Apart from a lot of specific knowledge about Unix, the other main thing I think this exercise was good for is: reading a thing in detail, and avoiding the temptation to skip over things that look plausible but you’re not sure they’re right. In this screenshot, there are definitely some things that aren’t right – but also, if you examine the whole thing in the level of detail that catches those, you find a lot of other things that are right, but weren’t obvious.
I’ll finish up by summarising which things I think are which. Of course, this section contains spoilers for all of the above.
Mistakes by the filmmakers: I stand by my original judgment, from the first time I saw this scene, that bin/history is just wrong. I’m suspicious of /bin/login working in this situation. I’m very dubious about uname reporting both sun4m and i386 on the same machine. And finally, it seems clear that they’ve tried to make the OS look like Solaris (or its fictional renaming SolarOS), because the uname -a output is not like any real Unix and must have been deliberately made up; but in that case, having so many Linuxisms all over the rest of the screen seems like an avoidable mistake.
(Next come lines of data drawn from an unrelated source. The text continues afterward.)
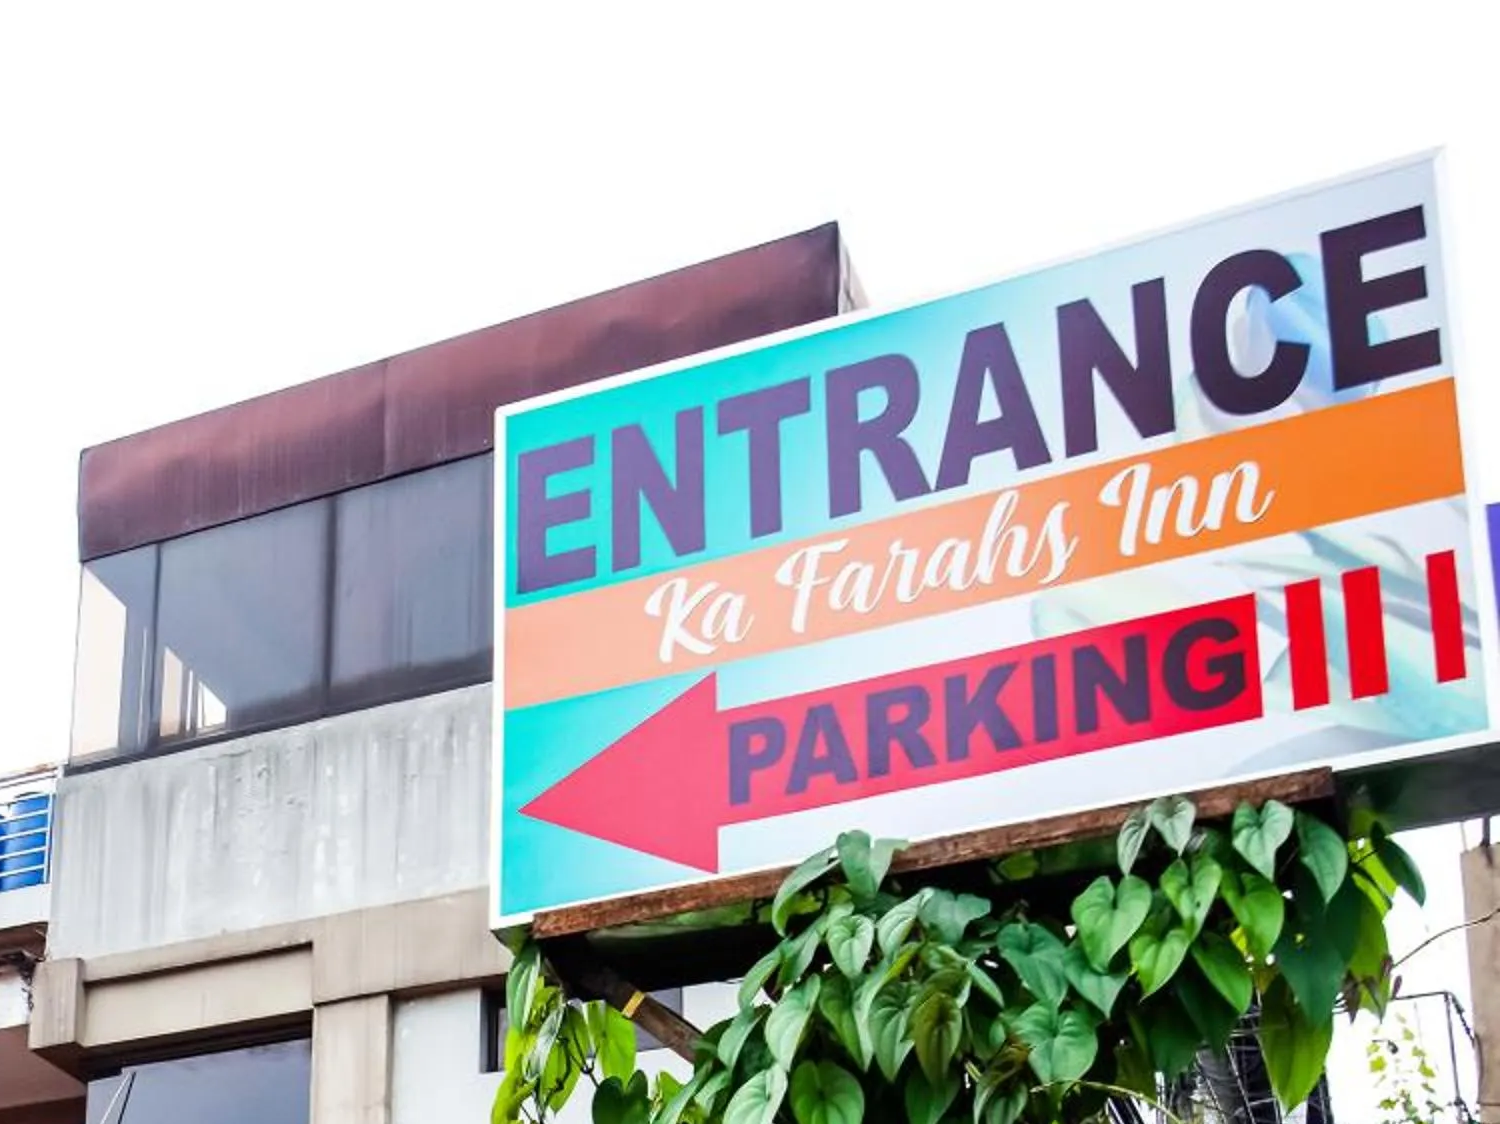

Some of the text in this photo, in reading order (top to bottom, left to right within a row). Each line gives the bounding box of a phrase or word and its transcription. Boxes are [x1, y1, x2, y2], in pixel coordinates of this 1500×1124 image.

[516, 204, 1443, 595] ENTRANCE
[645, 461, 1274, 663] Ka Farahs Inn
[728, 617, 1248, 806] PARKING
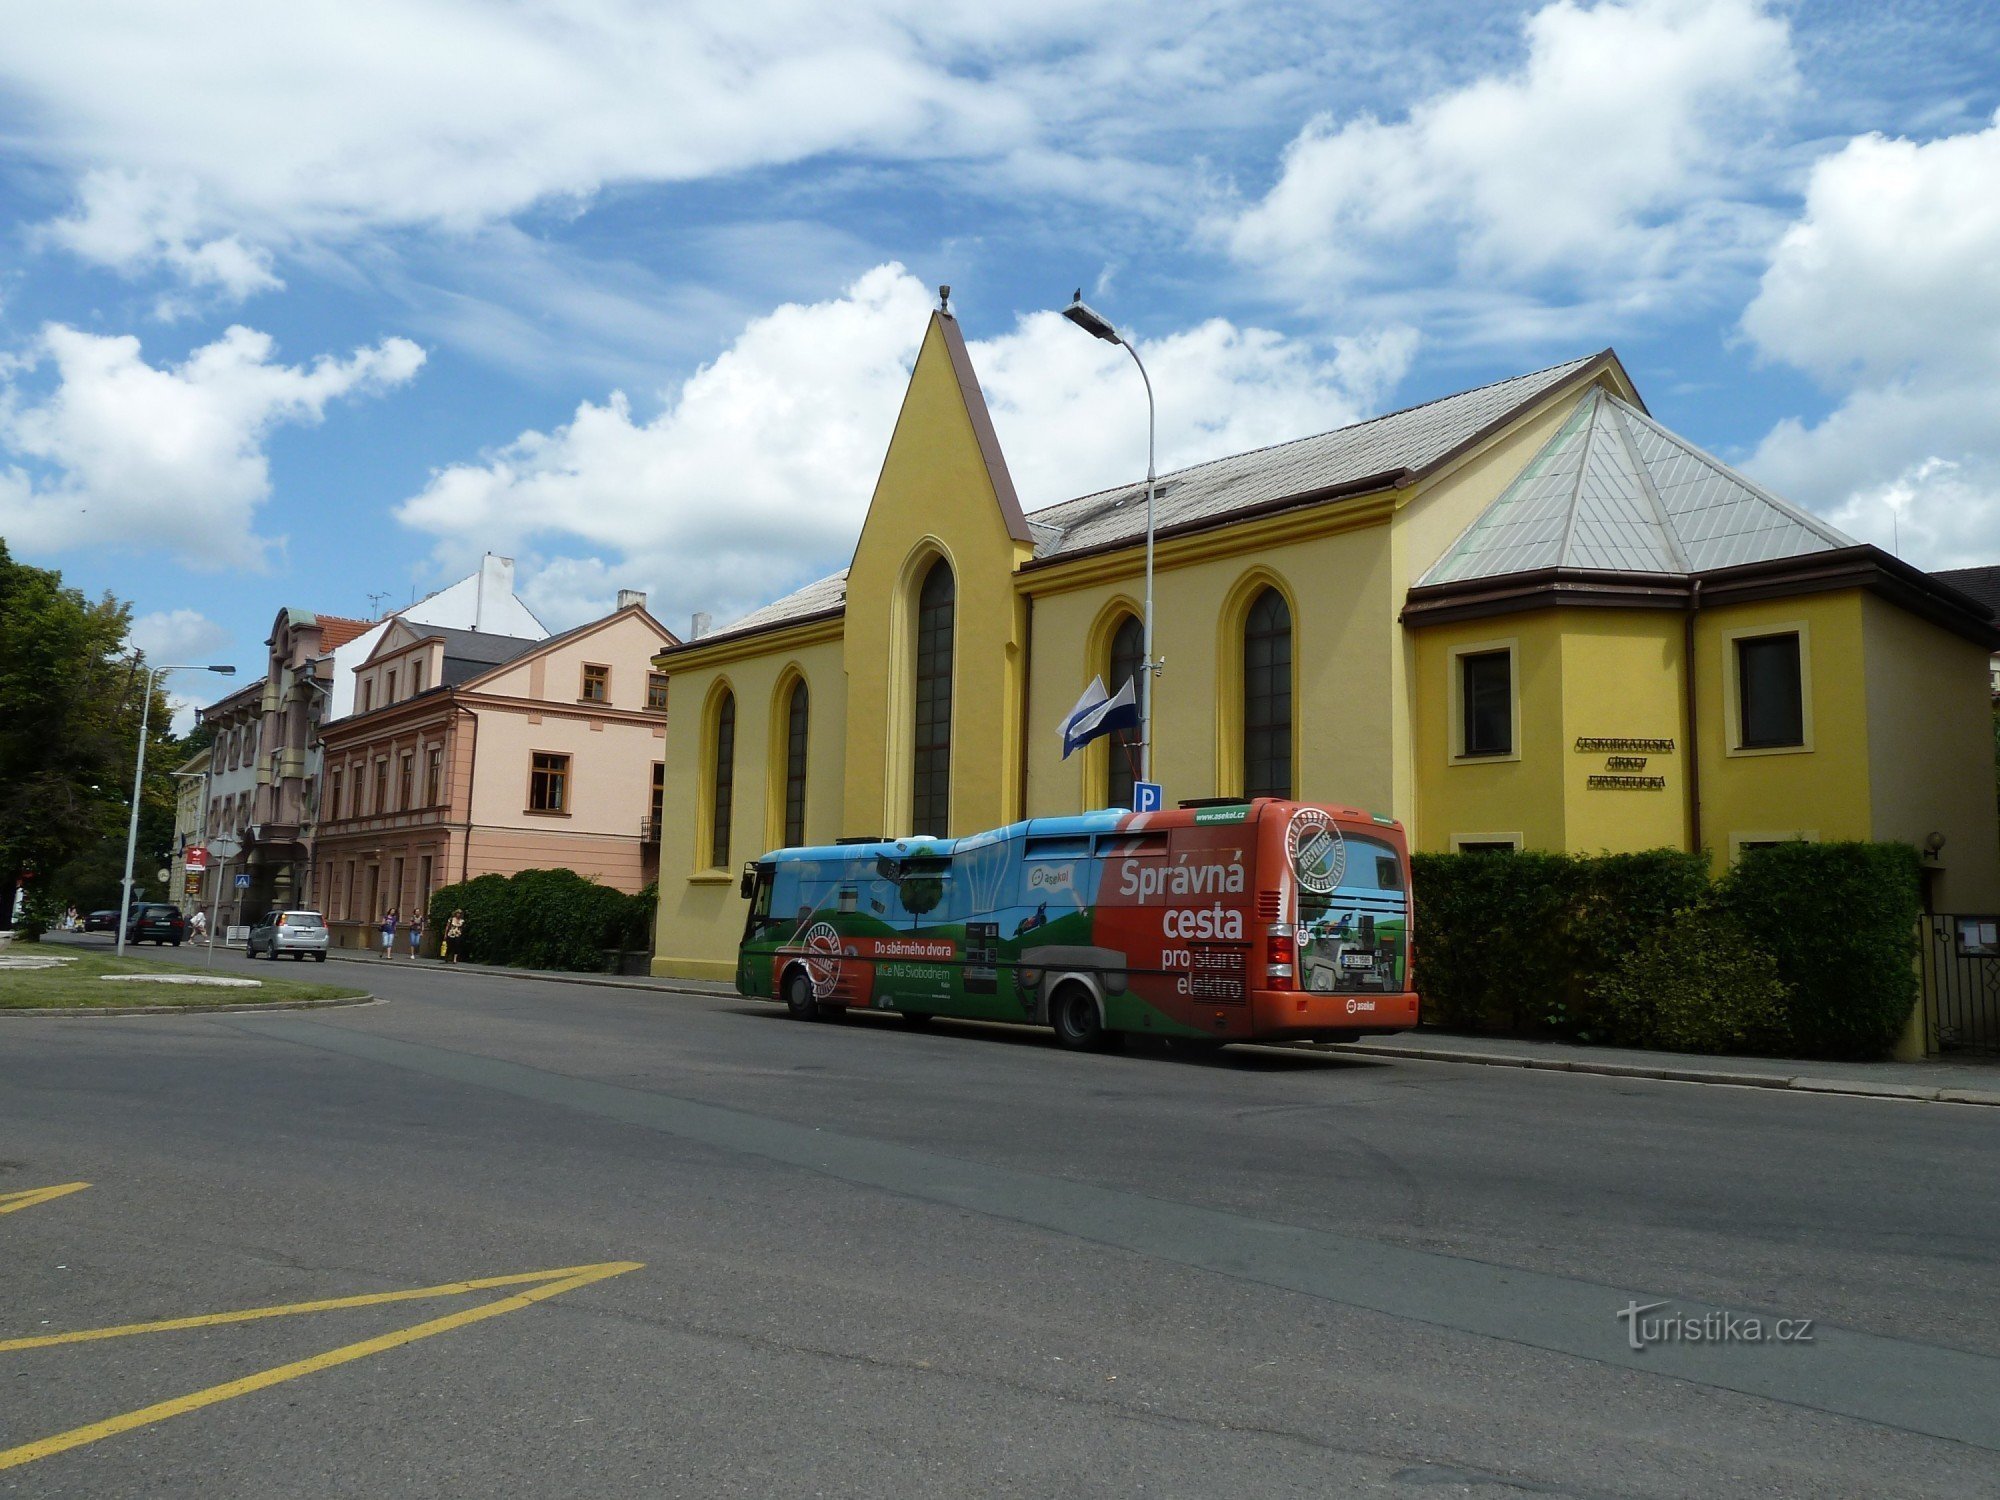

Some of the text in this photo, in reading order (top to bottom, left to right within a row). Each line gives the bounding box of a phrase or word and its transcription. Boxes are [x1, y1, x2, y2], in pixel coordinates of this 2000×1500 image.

[1141, 788, 1155, 812] P
[1196, 811, 1245, 821] www.asekol.cz
[1299, 831, 1332, 870] RECYKLACE
[1044, 870, 1069, 885] asekol
[1120, 851, 1245, 904] Správná
[1162, 901, 1242, 939] cesta
[874, 940, 951, 956] Do sběrného dvora
[1162, 949, 1190, 970] pro
[893, 964, 904, 977] Na
[1357, 1001, 1376, 1011] asekol
Mistakes by Flynn (plausibly): I think he should have re-checked /proc/meminfo after killing processes (even though that file doesn’t really exist on Solaris). He surely should have done something more sensible with his last will and testament. And I think he accidentally ran the laser control software with its default configuration and not the one he’d carefully created just beforehand (but, luckily, apparently that didn’t cause a problem). But I’m prepared to accept all of those as consequences of a highly distracted state of mind!
No idea at all: I don’t have any good answer to the inconsistently proportional font in the terminal windows. I can’t think of a way (or a reason) someone might have done that on purpose, or a way it might have happened by accident. It baffles me.
Perfectly sensible: pretty much everything else! It makes sense that Sam had that back door account but only tried it once real root didn’t let him in. Some serious thought was put into the shell history, including little details like needing to free up some memory, the ‘write a configuration file and then edit it’ operation, and the dangerous laser software having a double safety catch.
None of those fine details is necessary to the thing that’s happening in the plot. All that’s really needed is that Sam found his dad had run a mysterious command with ‘laser’ in the name, and ran it again to see what would happen. All of this is bonus extra content just for people like me who pause to examine it in detail. And mostly, pretty well done!
One last thing: if the laser command run as root causes the laser behind the computer chair to fire and digitise the person sitting in it, how come the computer wasn’t left logged in as root, with the shell history already visible on the screen, and no need to run history to find it out? How come Sam only found a clear terminal window logged in as a mere unprivileged user account? Of course this could be just another mistake … but perhaps the answer is that that window doesn’t contain the same terminal session that Flynn ran the real command in. Perhaps there’s a cunning system that times out unattended root logins after a while?
Finally: there’s a lot of analysis here, but I’m not overconfident enough to imagine that I’ve definitely got all of it. Maybe someone else will be able to find something we still missed!
1. I’m sitting in the UK as I write this. Under UK law, I believe this should constitute fair dealing: the purpose is quotation for criticism and review, and this single screen capture is in no way an alternative to paying to see the original film. The film comes from the USA, and under USA law I think it similarly constitutes fair use: it’s for non-profit educational purposes, the amount of the full work used is extremely small, and the effect on the value of the full work negligible.